Rotate the Torso MORE on Uppercuts
Same thing here. The left uppercut just feels awkward as hell and will continue to until the rotation of the torso feels more natural. Part of this is a mobility thing. My spine just isn't use to moving these ways. I will say though that despite lying down with some of the most serious muscle soreness I've had in a while, my body has honestly felt more athletic again. Well, as athletic that someone can feel that never was very athletic and minus all the tweaks 😅
Relax More on Jabs
Not every jab has to be a hard punch. Sometimes it's just a set up, a gauge of distance, or to simply keep restarting the OODA loop of your opponent. As an interesting side note, I have been falling down the rabbit hole of some Russian ideologies on boxing lately and relaxed punching seems to be one of it's tenants as well.
Relaxed Punches
Homework
Oblique Twist Wood Chopper
I did these and some cable crunches over the weekend but I could have rotated even more I believe. The point was to build some strength and mobility rotating through this range of motion that hopefully carries over to my boxing. I definitely felt like it did today so I'll be making this a regular staple for a while.
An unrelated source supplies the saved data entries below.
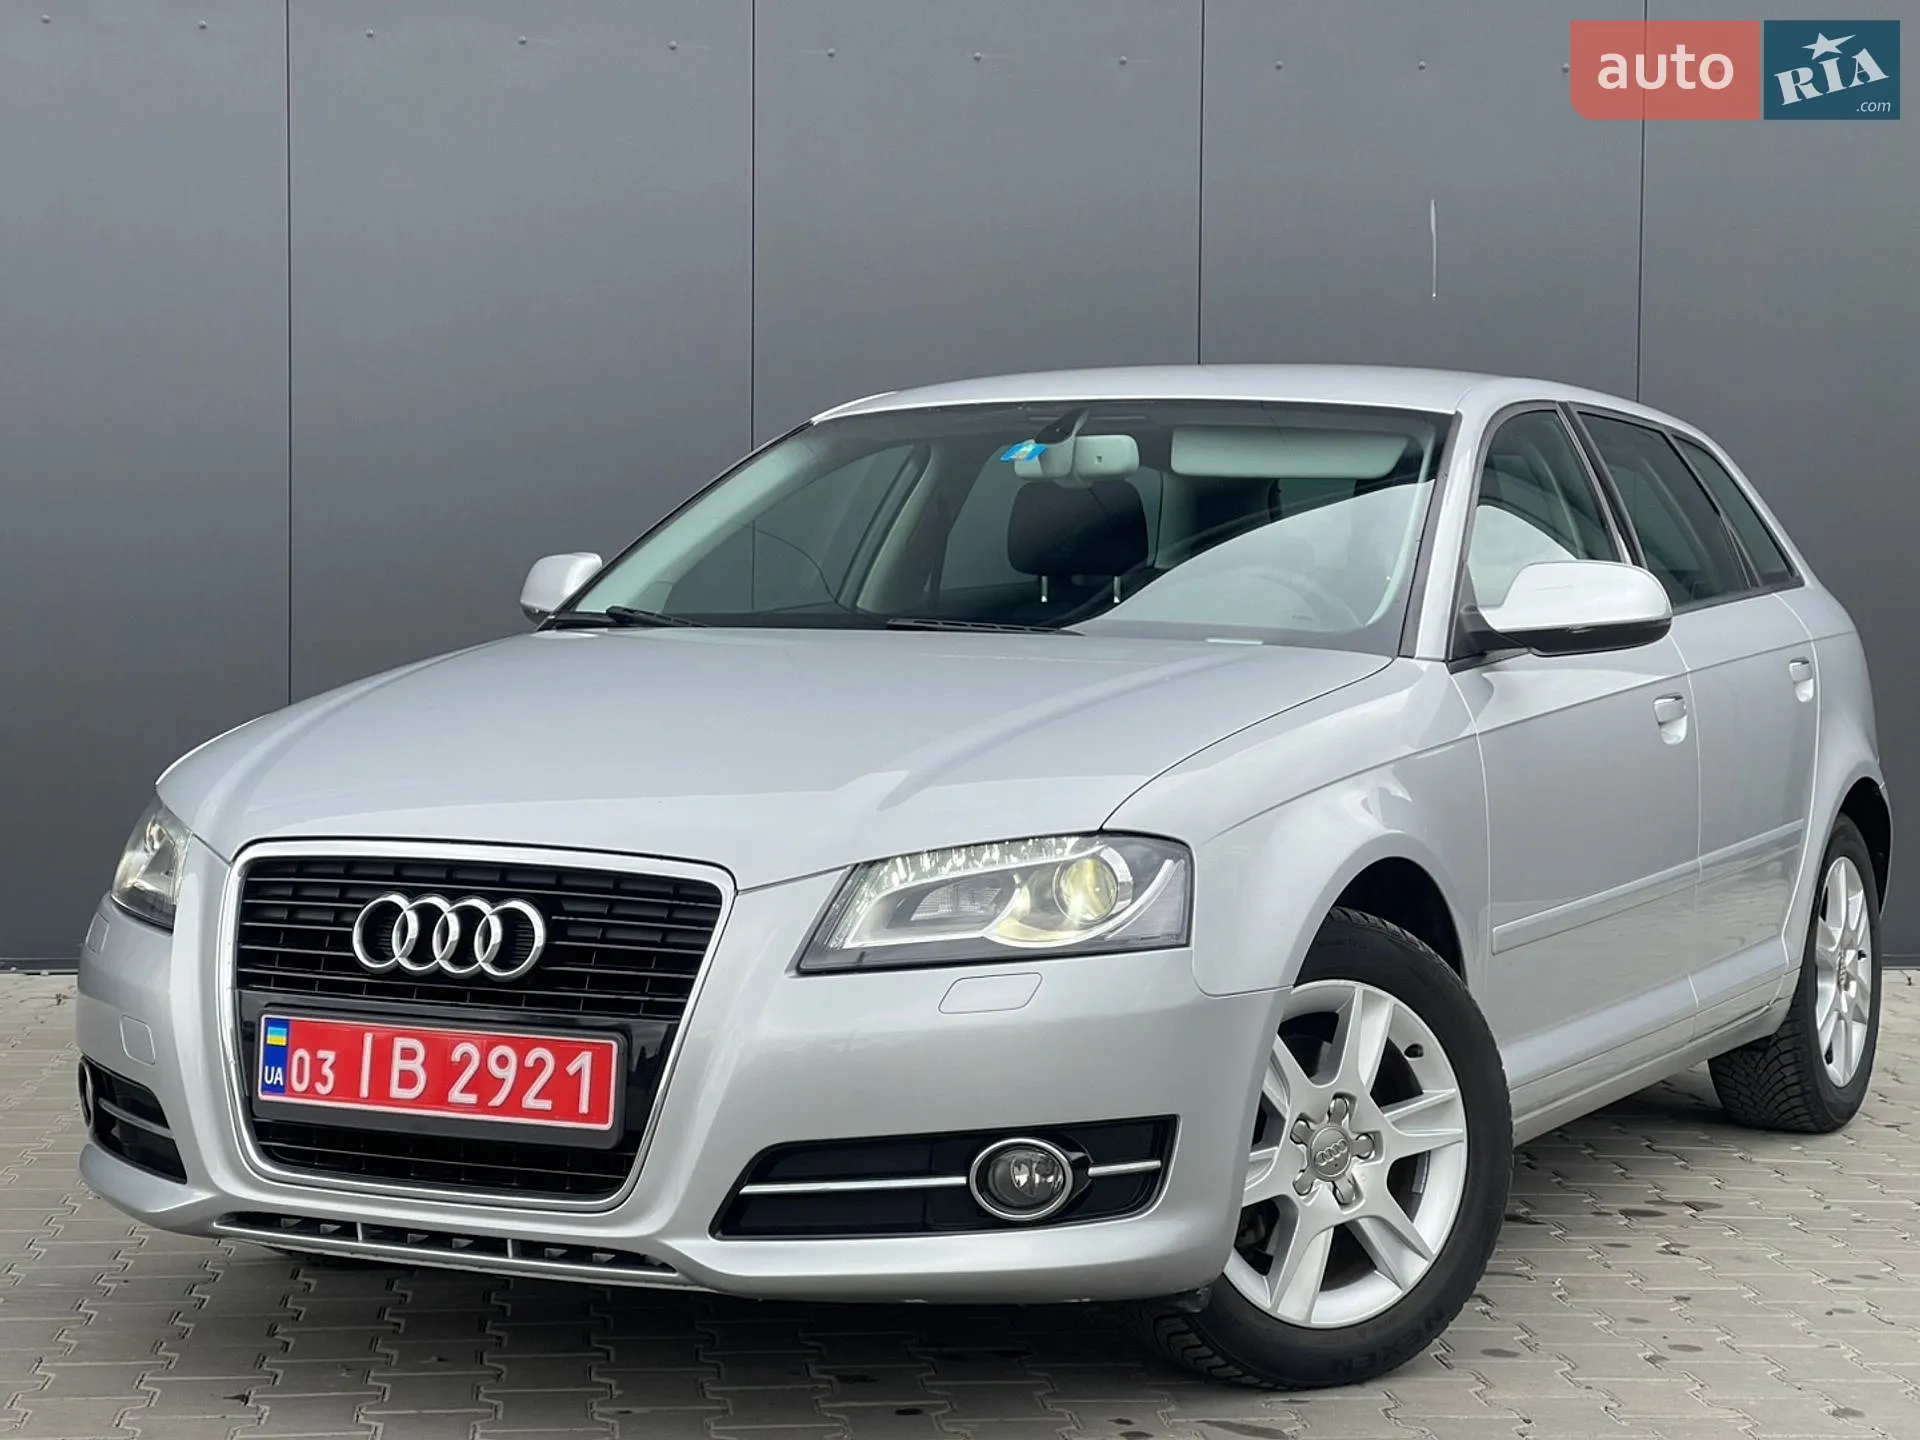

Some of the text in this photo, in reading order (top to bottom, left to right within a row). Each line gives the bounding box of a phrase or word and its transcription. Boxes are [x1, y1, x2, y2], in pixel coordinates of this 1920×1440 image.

[264, 1066, 283, 1086] UA
[290, 1048, 336, 1095] 03
[448, 1042, 592, 1114] 2921
[1331, 1308, 1446, 1374] NEXEN
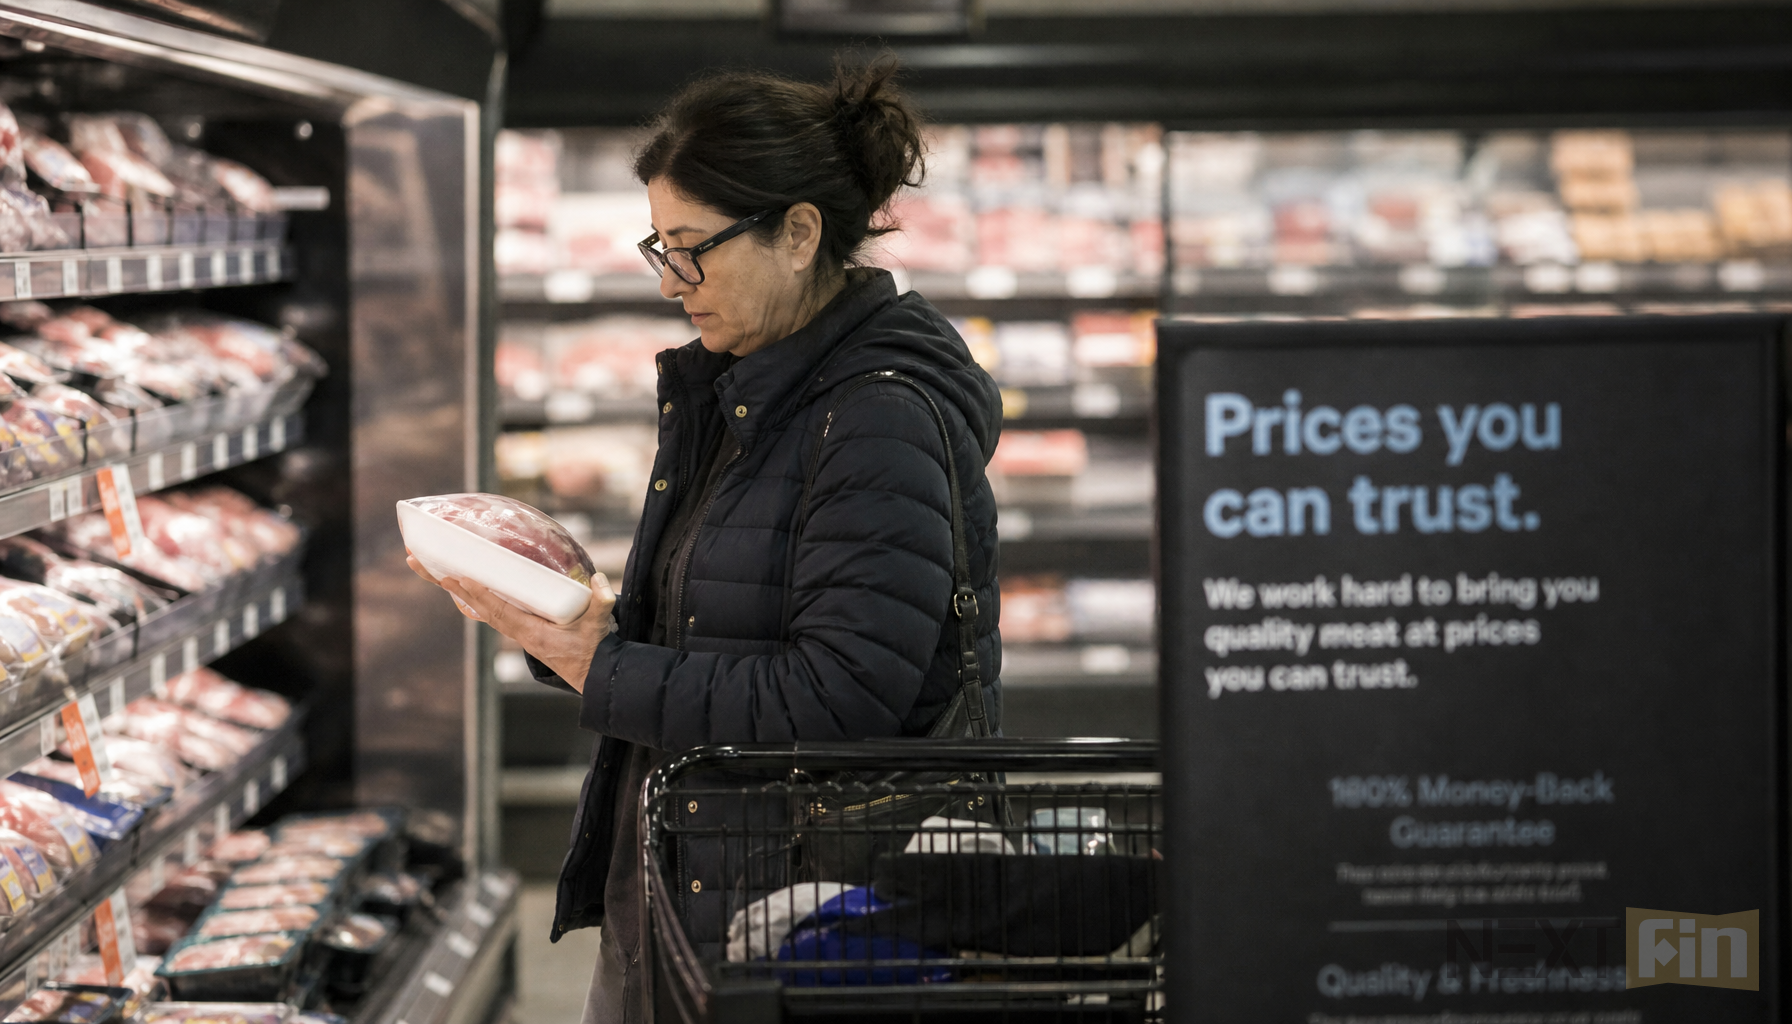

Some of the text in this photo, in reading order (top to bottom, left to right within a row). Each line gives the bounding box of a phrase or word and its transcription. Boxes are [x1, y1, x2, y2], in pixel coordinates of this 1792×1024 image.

[1205, 390, 1560, 465] Prices you
[1204, 475, 1539, 537] can trust.
[1204, 573, 1599, 608] We work hard to bring you
[1205, 613, 1540, 656] quality meat at prices
[1206, 660, 1418, 698] you can trust.
[1417, 773, 1613, 810] Money-Back
[1389, 815, 1554, 848] Guarantee
[1317, 964, 1431, 999] Quality
[1436, 962, 1464, 996] &
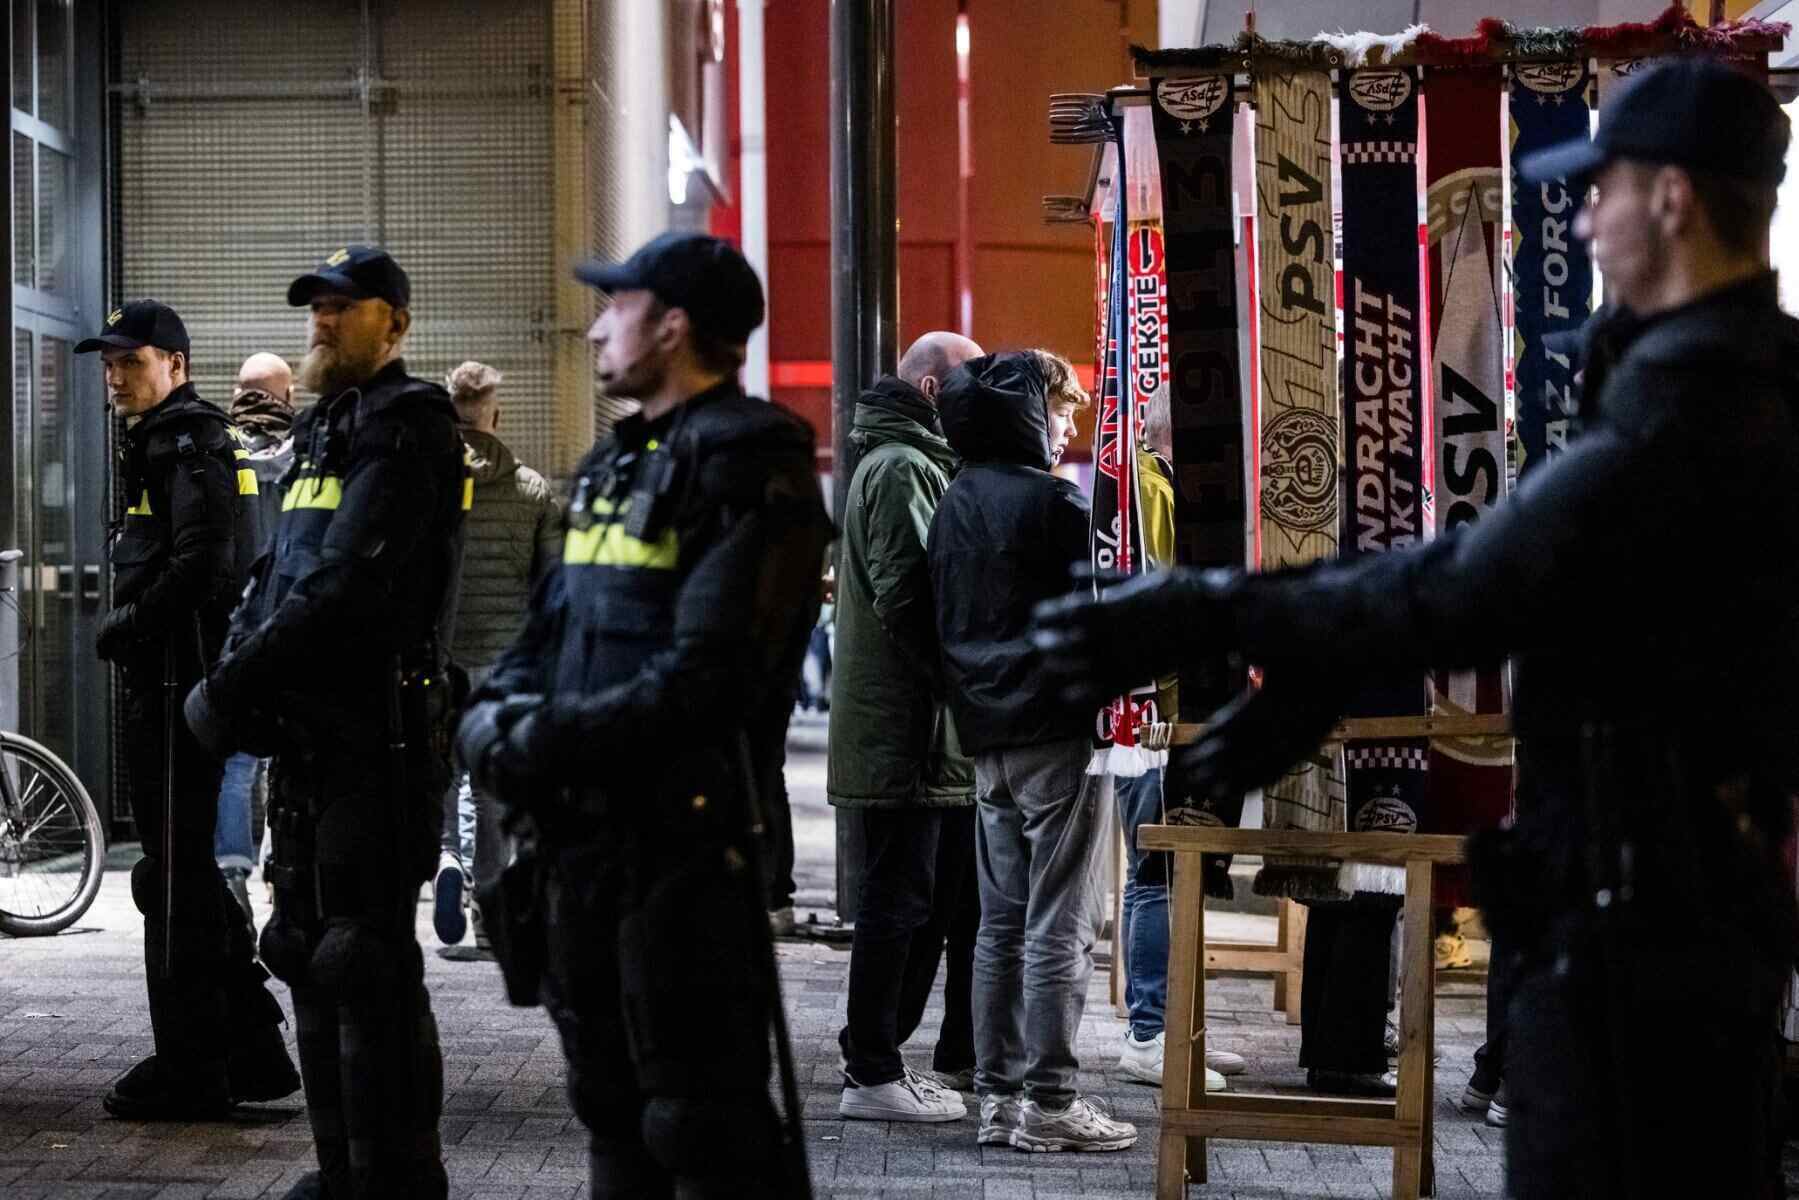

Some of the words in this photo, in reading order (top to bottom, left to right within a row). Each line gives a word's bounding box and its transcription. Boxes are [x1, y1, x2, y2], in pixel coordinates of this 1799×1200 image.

[1180, 88, 1205, 102] PSV
[1366, 84, 1389, 95] PSV
[1277, 153, 1325, 316] PSV
[1541, 175, 1573, 320] FORÇ
[1136, 274, 1161, 396] GEKSTE
[1387, 294, 1413, 457] MACHT
[1545, 380, 1571, 465] AZ
[1376, 813, 1400, 824] PSV
Time to Get Boxing Shoes/Boots?
After well over 2 years now (I think) in barefoot shoes, my ankles are pretty rock solid. I have no worries of rolling an ankle like I did 10s of times back in high school cross-country but maybe I'm still lacking some support in my lower leg? This reoccurring soleus strain, I'm pretty sure, just means they're weak as hell for the force I'm trying to generate 😅 but I think we take some baby steps and pick up some boxing shoes and keep the Vivobarefoots for walking and the weight room.
FRC Kneeling Calf Stretch PAILS & RAILS
Thanks Matt Christman for sending this kneeling calf stretch to help out with the rehab!